Five different states have been competing for Tesla’s favor and the chance to have the upcoming Gigafactory, providing jobs and substantial revenue. While nothing is quite official yet, multiple sources have leaked that a big announcement is coming that the electric carmaker will reveal it is constructing the Gigafactory in Nevada. With big news sources like CNBC and Bloomberg calling the claims legit, it’s pretty safe to say that Nevada is the big winner.
This announcement shouldn’t be too shocking, considering in August a huge plot of land outside of Reno was cleared, presumably in preparation for the construction of the Gigafactory. Considering that the $5 billion facility will contain 10 million square feet of space, hiding that kind of a footprint is pretty much impossible.
The new facility has a future estimated output of 500,000 battery packs a year by 2020. The Gigafactory is absolutely vital to the production of the future Model 3, a car that will be the most affordable and mainstream Tesla yet.
Interestingly enough, a recent report published by Lux Research claims that the Gigafactory will be overkill. The research firm claims that Tesla won’t be able to sell more than 250,000 battery packs each year, which would mean that the rest of the potential production capacity of the factory would be wasted. Such news isn’t too bad for Tesla Motors, believe it or not, but instead could prove to be a tremendous problem for Panasonic, which is the battery production partner for the automaker.

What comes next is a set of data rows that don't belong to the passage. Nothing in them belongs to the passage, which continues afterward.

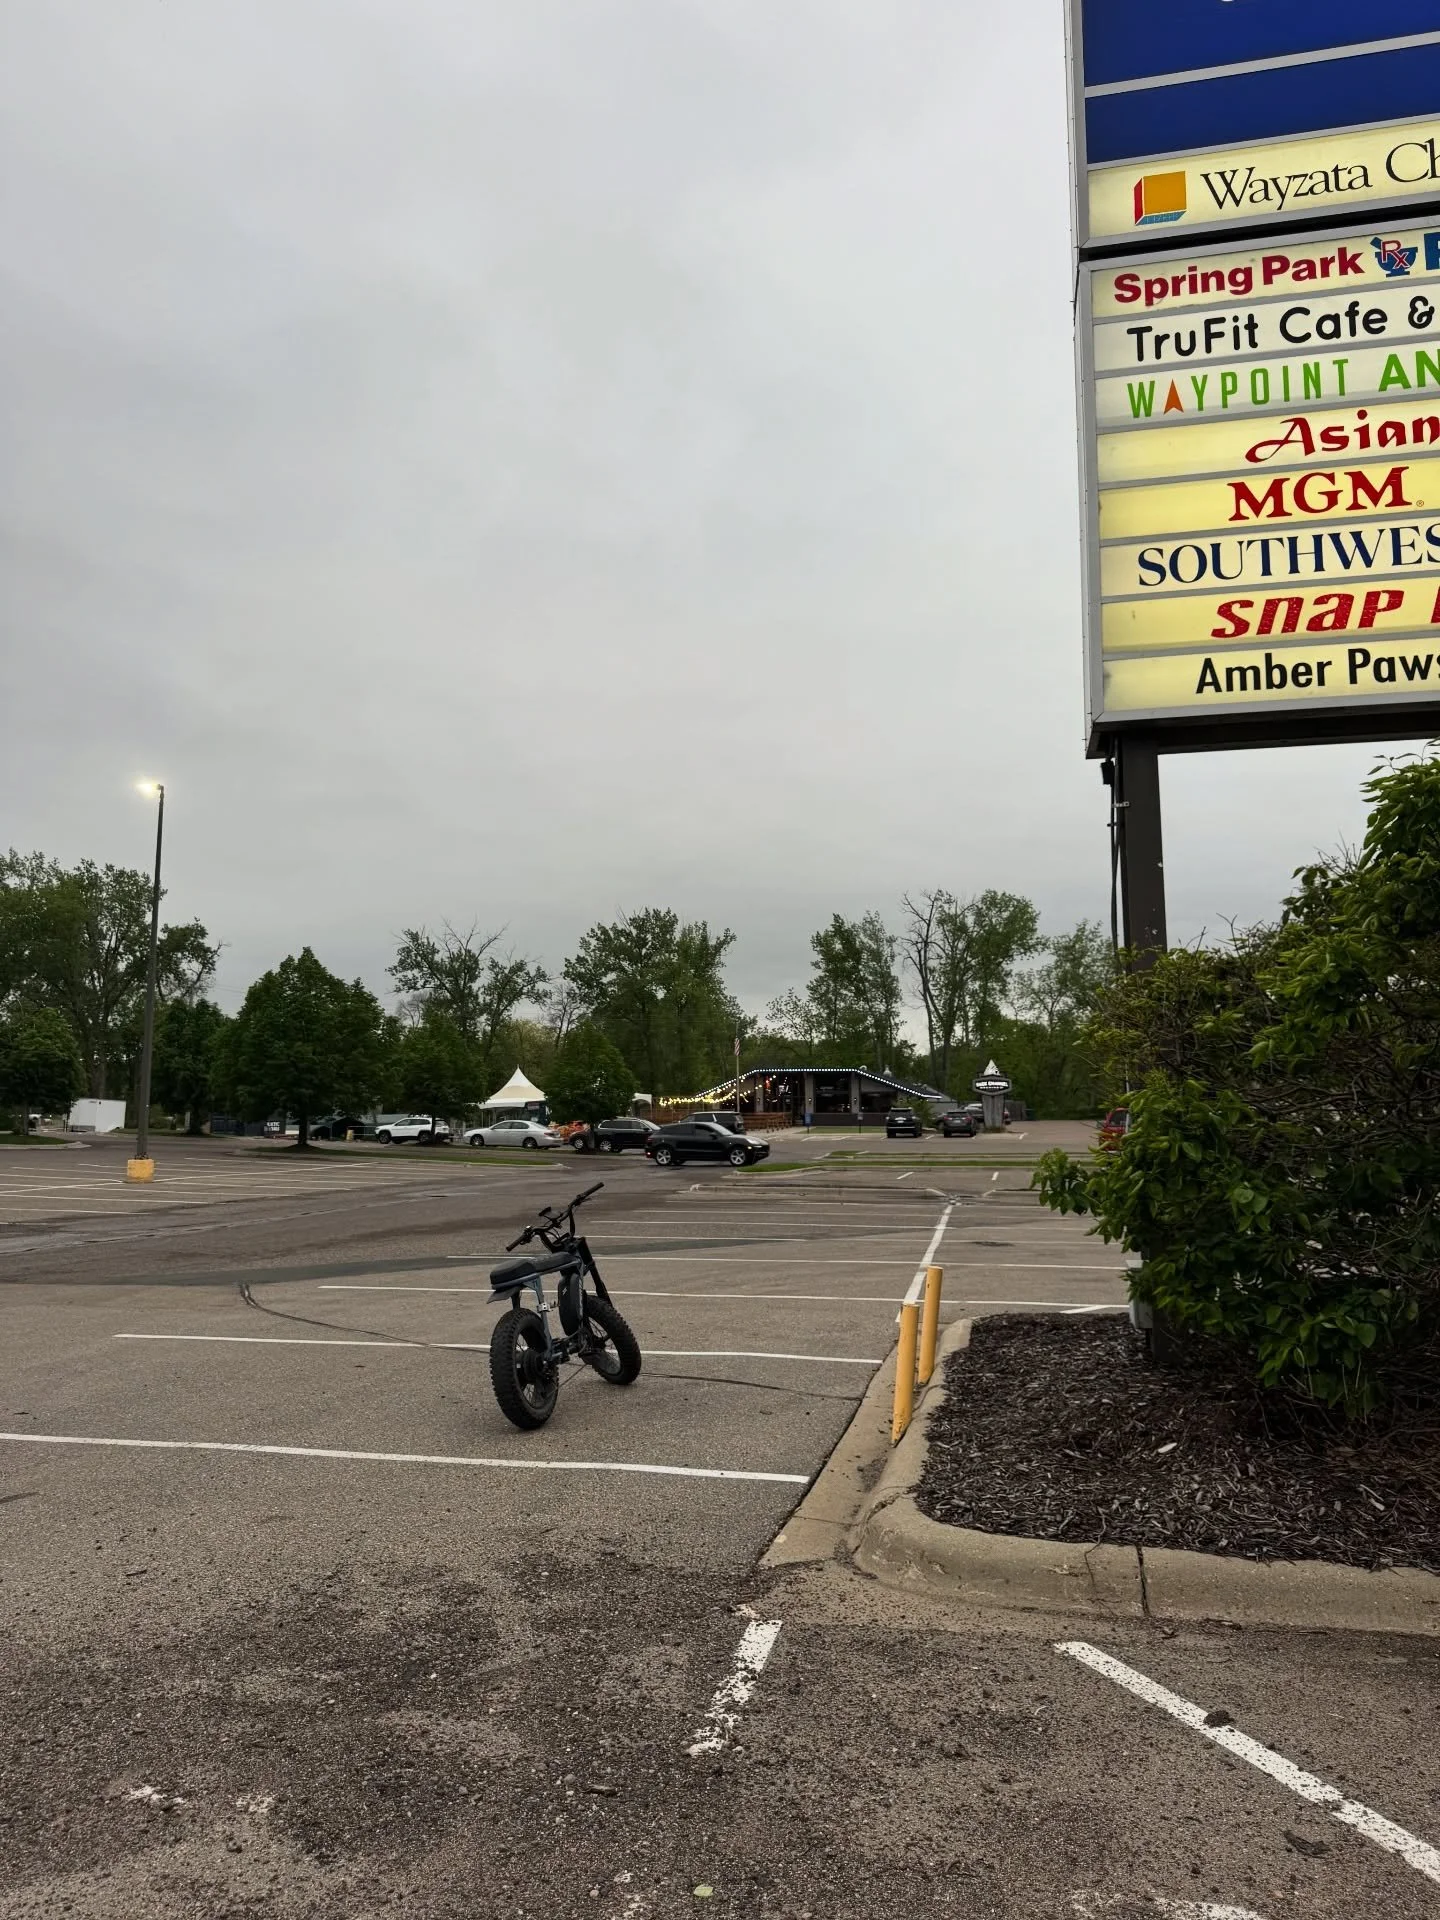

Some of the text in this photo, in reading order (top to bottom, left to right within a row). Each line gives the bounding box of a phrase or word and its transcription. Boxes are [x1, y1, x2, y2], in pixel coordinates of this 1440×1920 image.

[1200, 164, 1373, 211] Wayzata
[1113, 265, 1253, 307] Spring
[1262, 247, 1365, 285] Park
[1127, 295, 1435, 362] TruFit Cafe &
[1127, 358, 1350, 418] WAYPOINT
[1245, 409, 1440, 464] Asian
[1210, 589, 1405, 639] snap
[1195, 652, 1333, 694] Amber

So far, Panasonic is sinking $1.4 billion into the battery production plant, with industry insiders predicting it could make around $15 billion between 2017 and 2020. Of course, if battery production is as low as Lux is predicting, Panasonic would only make about $7 billion during the same period of time. That’s still a healthy profit.
The entire selection process for the Gigafactory site was slowed down to give California lawmakers a chance to strike a special arrangement with Tesla and keep its operations in its home state. Apparently those negotiations have fallen through and so Nevada is reaping the rewards.